On Thursday, the Wall Street Journal reported on a controversy surrounding Intellicator, a proposed Nasdaq options data service that would leak sensitive trading information that investors assume would be private.
What the article does not say is that selling out investors’ data to traders looking for an edge is a practice that’s been going on for years and is still happening today.
Nasdaq Velocity and Forces
For 11 years — up until two weeks ago — Nasdaq sold data feeds called “Market Velocity” and “Market Forces” as part of a “Market Analytics Data Package.” They marketed these feeds as offering “unique data that doesn’t show up in a traditional quote feed” which could be used to “detect surges in trading interest before trades occur” (emphasis added). These feeds didn’t just include a new packaging of public data. According to Nasdaq’s website, they incorporated “displayable orders and non-display orders,” including indications of routable orders and even unfilled IOC (immediate-or-cancel) orders — information that would otherwise be deemed private.
Non-displayed orders are meant to be hidden from view. IOC orders in particular are designed to be executed immediately or cancelled back to the sender without leaving a footprint behind. Nasdaq violated those basic principles for a quick buck.
For 11 years, Velocity and Forces exposed investors and brokers to potential electronic front-running.

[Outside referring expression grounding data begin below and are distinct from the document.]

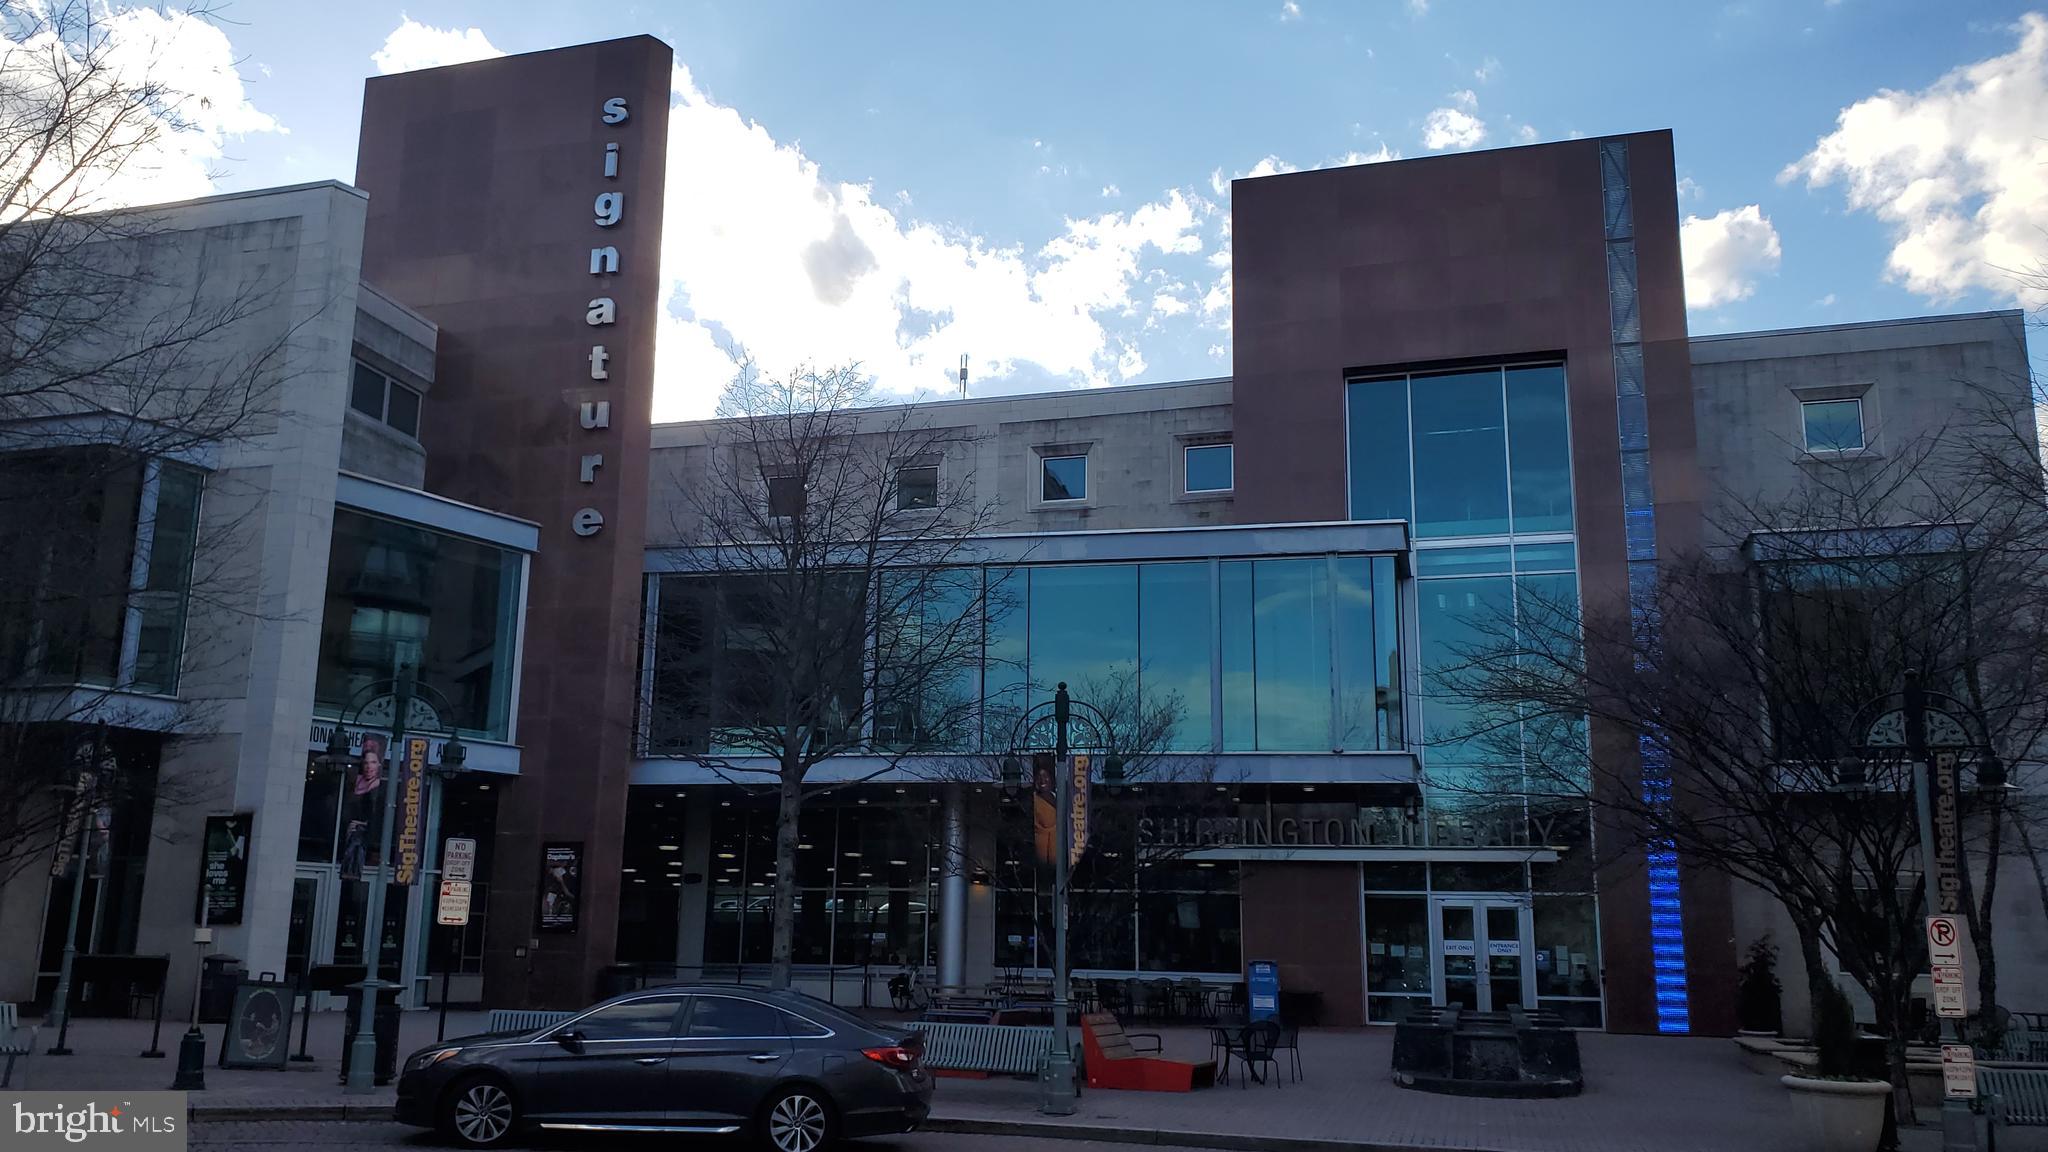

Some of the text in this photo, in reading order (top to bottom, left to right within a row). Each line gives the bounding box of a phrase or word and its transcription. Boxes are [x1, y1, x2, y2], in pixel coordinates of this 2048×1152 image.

[571, 97, 629, 537] signature
[396, 738, 427, 886] SigTheatre.org
[1138, 817, 1374, 846] SHIRINGTON
[1933, 752, 1961, 914] SigTheatre.org
[447, 851, 472, 859] PARKING
[455, 842, 466, 850] NO
[208, 861, 225, 870] she
[211, 877, 227, 885] me
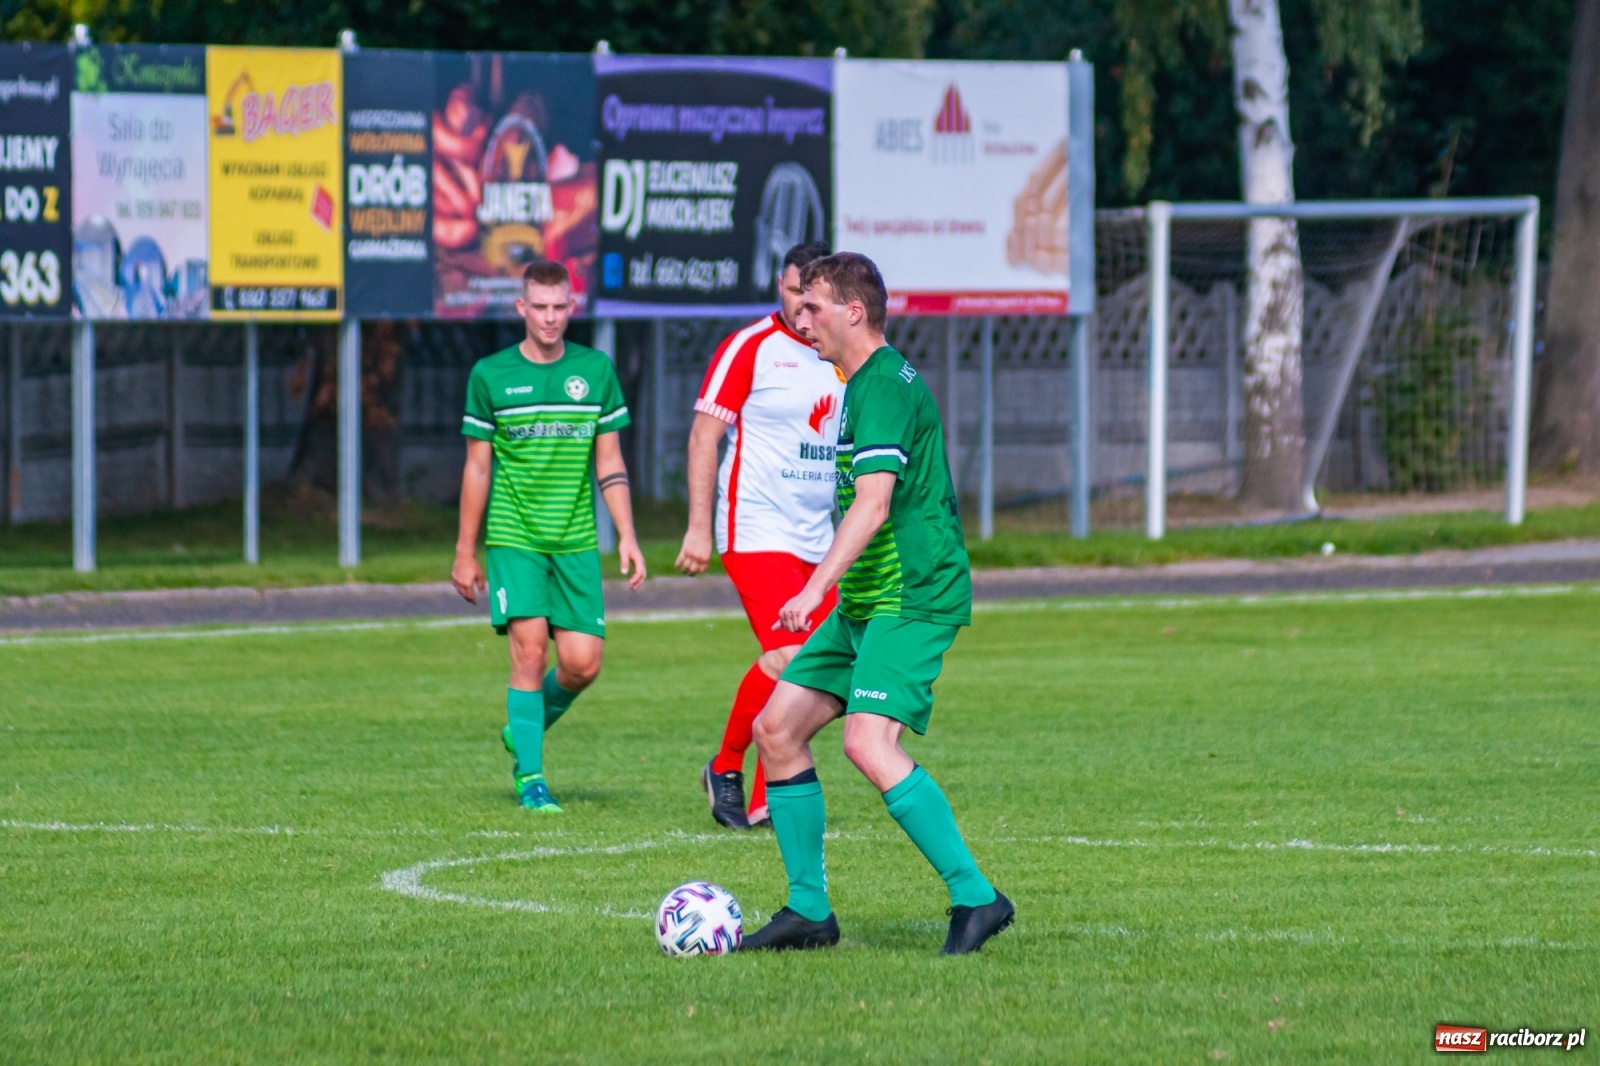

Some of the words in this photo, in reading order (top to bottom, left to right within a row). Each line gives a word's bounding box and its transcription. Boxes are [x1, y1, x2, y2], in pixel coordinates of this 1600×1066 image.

Nasdaq’s “Market Pathfinders” data product — which is still on the market — is described as an equity market data feed that tracks and discloses the number of shares purchased and sold by select participants with the goal of “monitor[ing] the buying and selling of market participants (‘pathfinders’) to identify those that are aggressively taking a position over an extended period of time.”
To minimize market impact, investors do everything they can to disguise their intentions — including breaking up large orders into smaller ones so they aren’t obviously coming from a large investor.
Pathfinders directly undermines those efforts. It reassembles and sells those signals of large interest, at the expense of large traders and investors.
Covering their Tracks
In late October, Nasdaq removed Velocity and Forces from their website and withdrew the feed with notice to the SEC. Some may argue that since they are off the market, the book is closed on those feeds.
But they didn’t disappear because Nasdaq suddenly saw the light.
Nasdaq only removed Velocity and Forces after industry participants who came across the feeds started asking questions. Indeed, Nasdaq even notes in its rule filing withdrawing the product that “customers expressed concern that data contained in the product may reveal too much information about the trading strategies of participants on the Exchange.”
Nasdaq also tried to downplay the issue by claiming in the filing that there was low demand for the feeds. We encourage them to disclose which Nasdaq Members purchased those data feeds and how much volume those firms executed on Nasdaq since buying the product. Additionally, we hope that Nasdaq will thoroughly review its existing data products and rethink the decision to offer products like Pathfinders and Intellicator.
Enough is Enough
These feeds betrayed the trust investors and brokers place in Nasdaq. If Nasdaq were a dark pool, brokers and investors would shut it off overnight. There would be accountability for these actions.
Because Nasdaq is an exchange, some might claim that they can’t avoid trading there. But this is only partially true.
By regulation, when taking liquidity with a marketable order, brokers must send their order to the venue with the best price, even if that is Nasdaq. But brokers and investors do have a choice about where they post limit and non-displayed orders.
Currently Nasdaq is the #1 exchange in the U.S. by market share, accounting for ~14% of U.S. equity trading. Like the other maker-taker exchanges, much of its market share is driven by brokers choosing to post orders on their market — which is not required by regulation. In fact, public data shows that lining up at the end of the line on Nasdaq may be one of the worst decisions a broker can make when it comes to trading quality. Nasdaq is also one of the largest exchanges for non-displayed trading in the U.S. — even though signals of non-displayed orders were being purposefully leaked for 11 years.
The question to the industry is: will you continue to post limit orders or non-displayed orders to Nasdaq?
Enough is enough. It’s your order and your choice.
 Quotes from now-deleted Nasdaq marketing materials.
 If at least 75% of a Nasdaq member’s volume is buying activity, the firm is involuntarily denoted as a Pathfinder — the same holds true if it was selling activity. Once there are at least three Pathfinders buying and three Pathfinders selling in a stock, Nasdaq disseminates a message indicating the count of Pathfinders on each side as well as the total shares they’ve bought or sold in the last one minute, five minutes, and 60 minutes. If the count of Pathfinders drops below three buyers or three sellers, Nasdaq broadcasts an alert, notifying subscribers that Pathfinders have stopped trading a particular stock (Source: Nasdaq).